<<<<

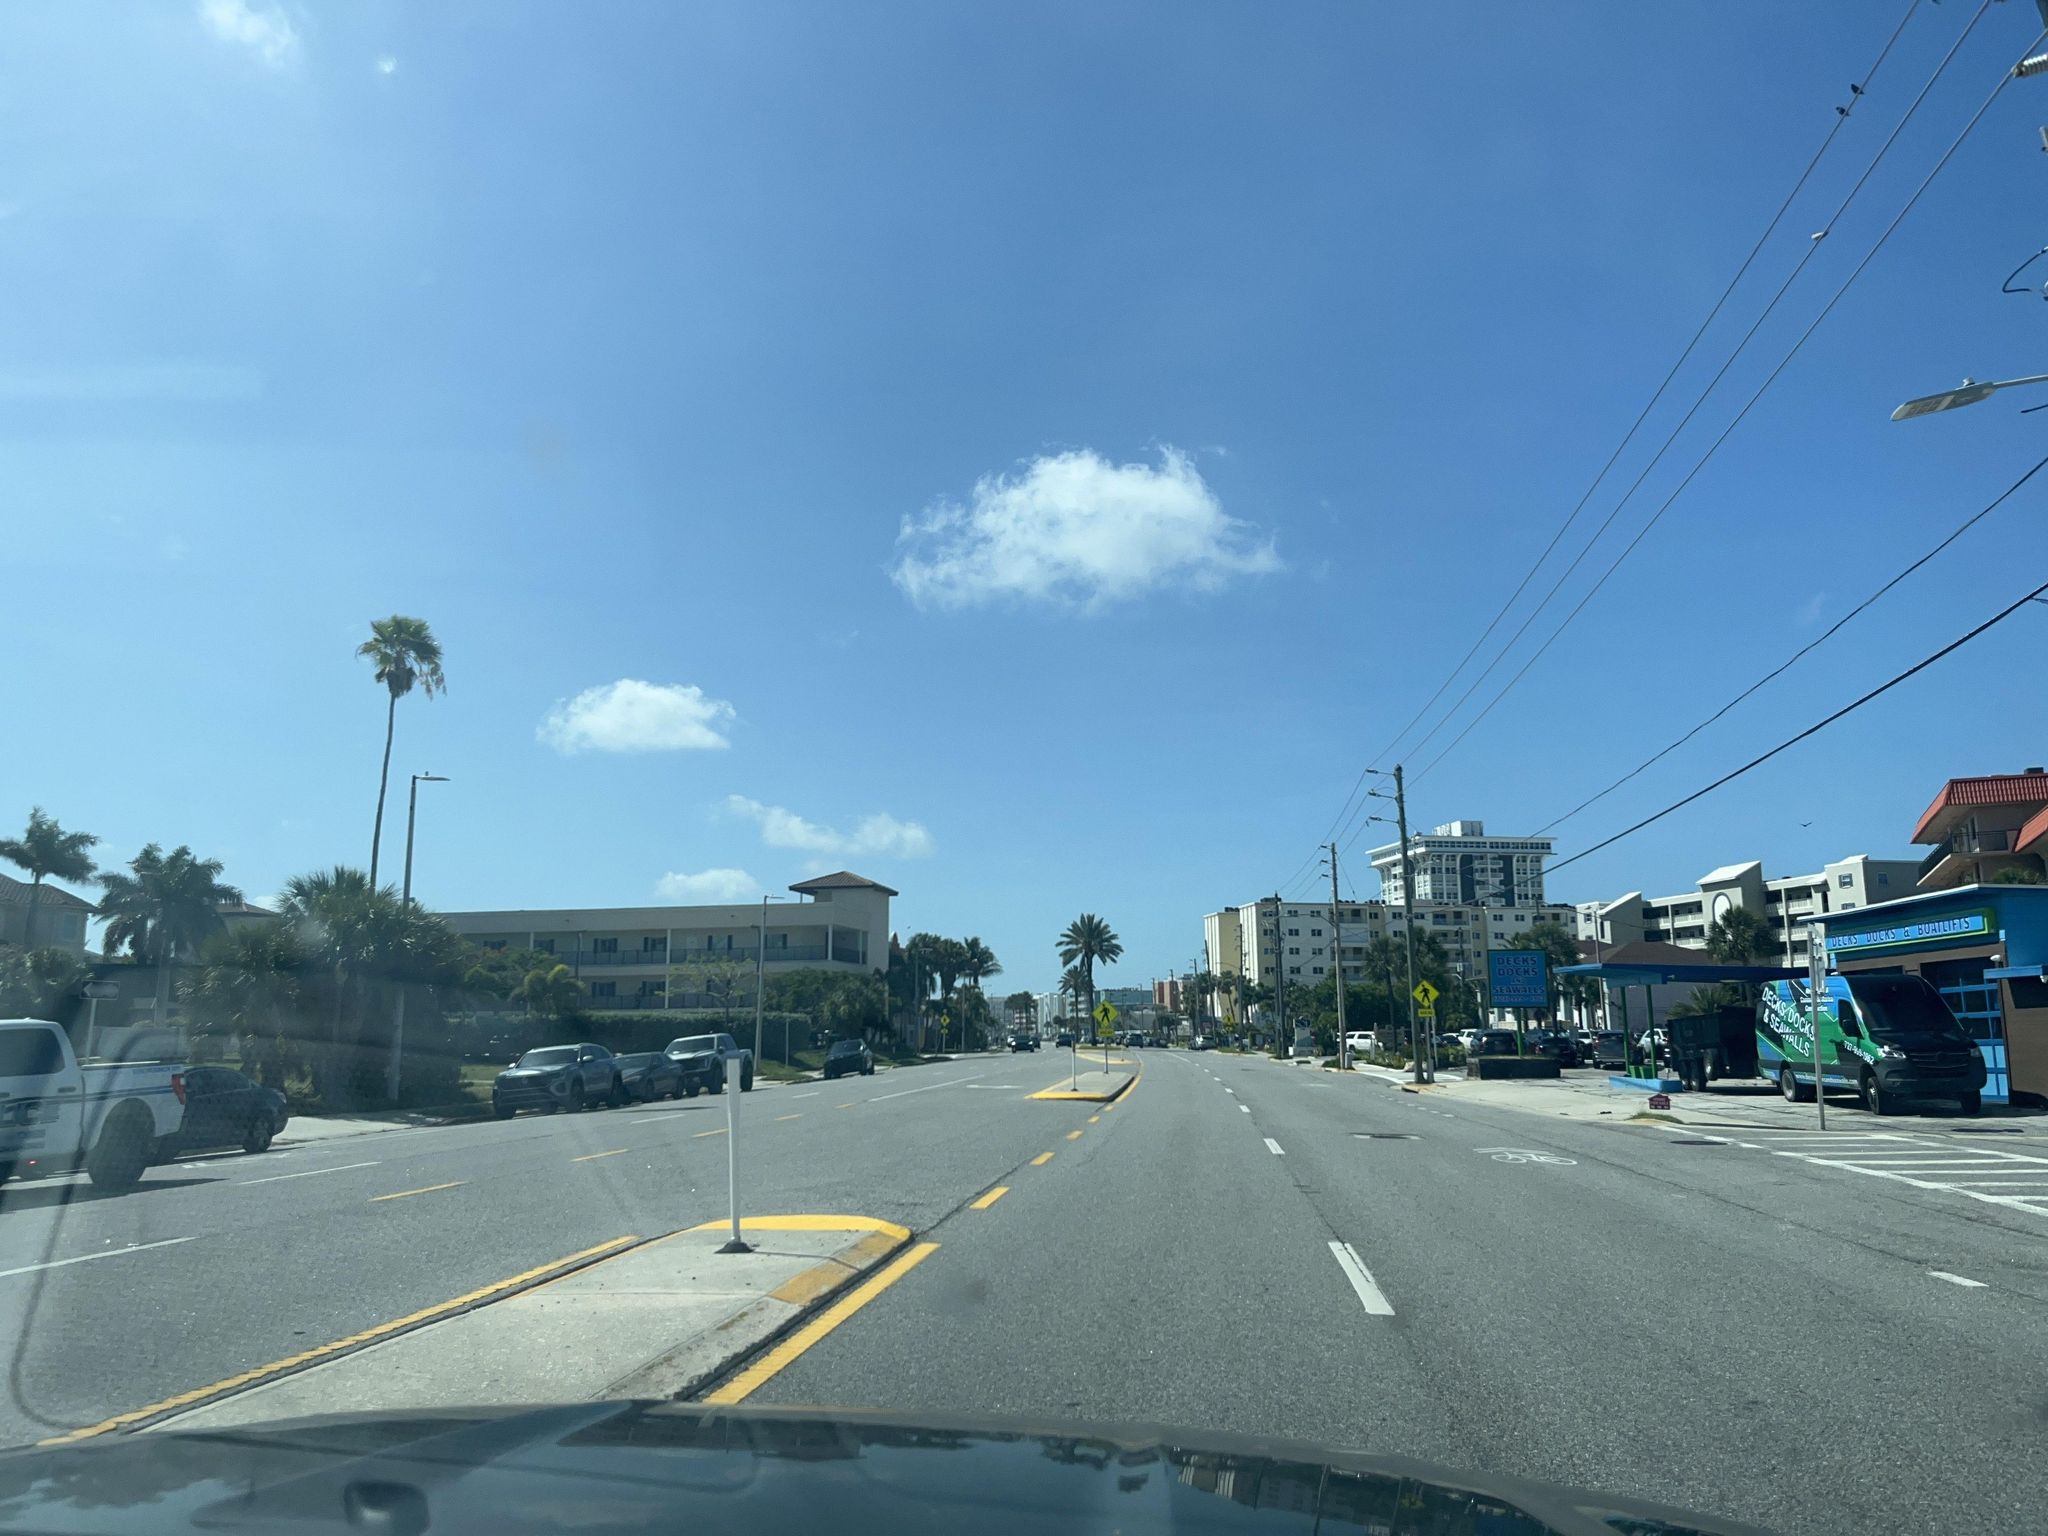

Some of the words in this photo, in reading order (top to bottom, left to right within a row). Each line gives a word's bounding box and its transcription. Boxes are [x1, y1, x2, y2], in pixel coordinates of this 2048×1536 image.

[1832, 934, 1858, 948] DECKS
[1866, 927, 1896, 943] DOCKS
[1903, 926, 1910, 938] &
[1917, 917, 1970, 936] BOATLIFTS
[1496, 956, 1537, 966] DECKS
[1497, 967, 1538, 977] DOCKS
[1493, 985, 1545, 994] SEAWALLS
[1763, 1008, 1769, 1023] &
[1769, 1013, 1810, 1057] SEAWALLS
[1787, 1007, 1815, 1041] DOCKS
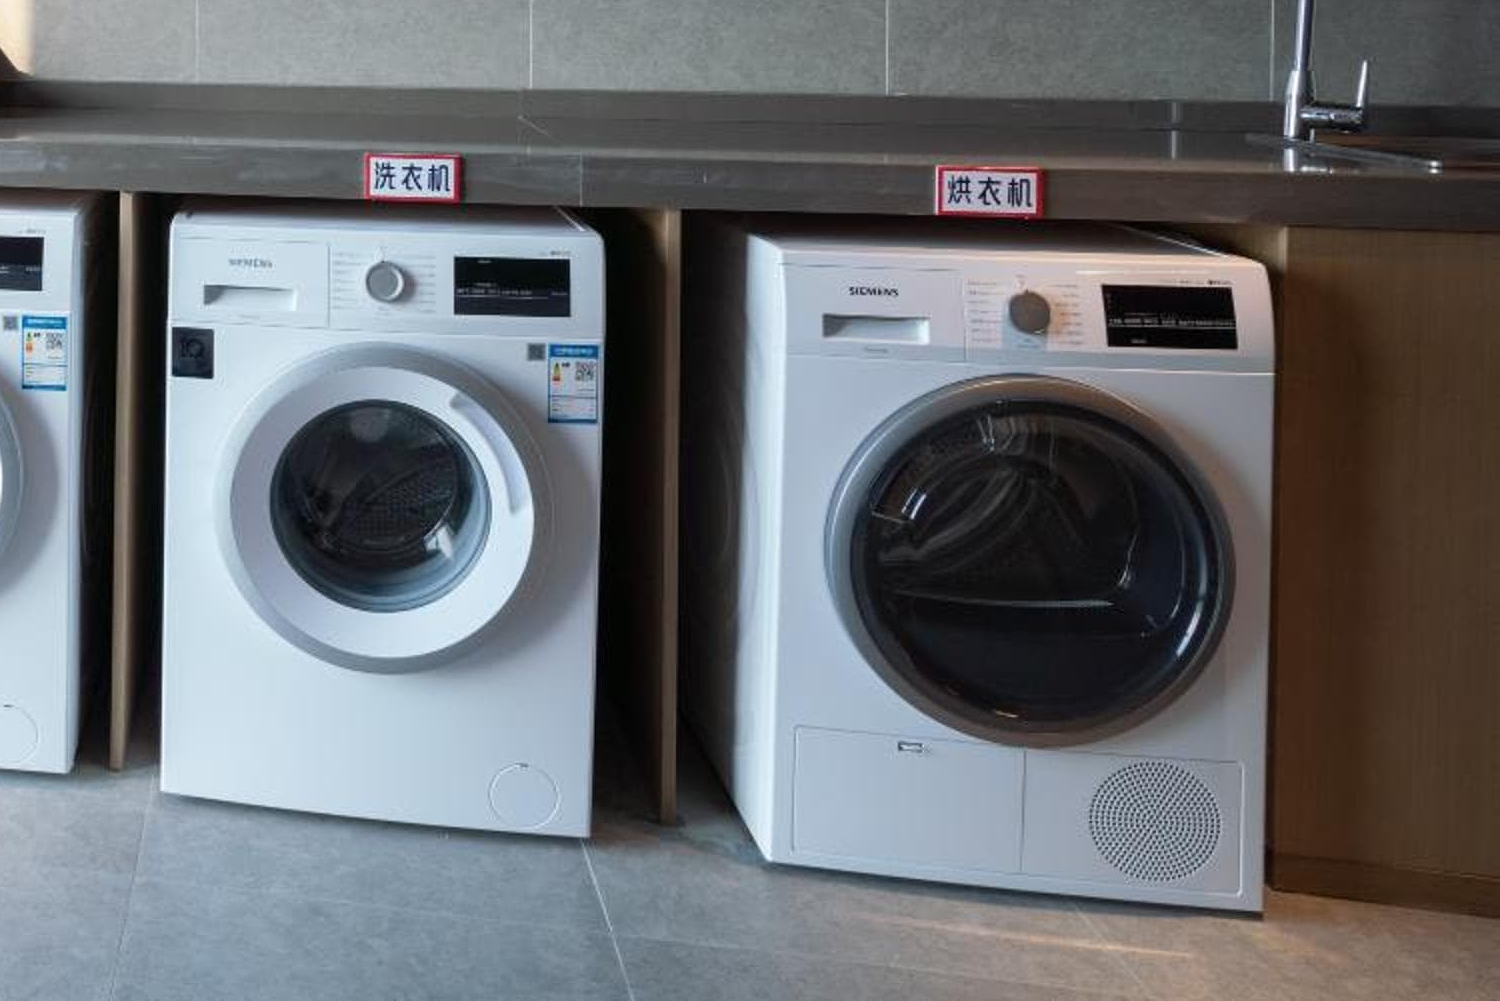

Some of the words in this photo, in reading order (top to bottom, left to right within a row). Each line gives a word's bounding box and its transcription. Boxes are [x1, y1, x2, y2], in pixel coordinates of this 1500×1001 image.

[375, 161, 451, 192] 洗衣机
[947, 174, 1032, 208] 烘衣机
[848, 286, 900, 296] SIEMENS

>>>>

**ASSIGNMENT:** If a record contains a picture, drop the picture and repeat the rest exactly.

**COMPLETED EXERCISE:**
Some of the words in this photo, in reading order (top to bottom, left to right within a row). Each line gives a word's bounding box and its transcription. Boxes are [x1, y1, x2, y2], in pixel coordinates of this 2048×1536 image.

[1832, 934, 1858, 948] DECKS
[1866, 927, 1896, 943] DOCKS
[1903, 926, 1910, 938] &
[1917, 917, 1970, 936] BOATLIFTS
[1496, 956, 1537, 966] DECKS
[1497, 967, 1538, 977] DOCKS
[1493, 985, 1545, 994] SEAWALLS
[1763, 1008, 1769, 1023] &
[1769, 1013, 1810, 1057] SEAWALLS
[1787, 1007, 1815, 1041] DOCKS

Some of the words in this photo, in reading order (top to bottom, left to right within a row). Each line gives a word's bounding box and its transcription. Boxes are [x1, y1, x2, y2], in pixel coordinates of this 1500×1001 image.

[375, 161, 451, 192] 洗衣机
[947, 174, 1032, 208] 烘衣机
[848, 286, 900, 296] SIEMENS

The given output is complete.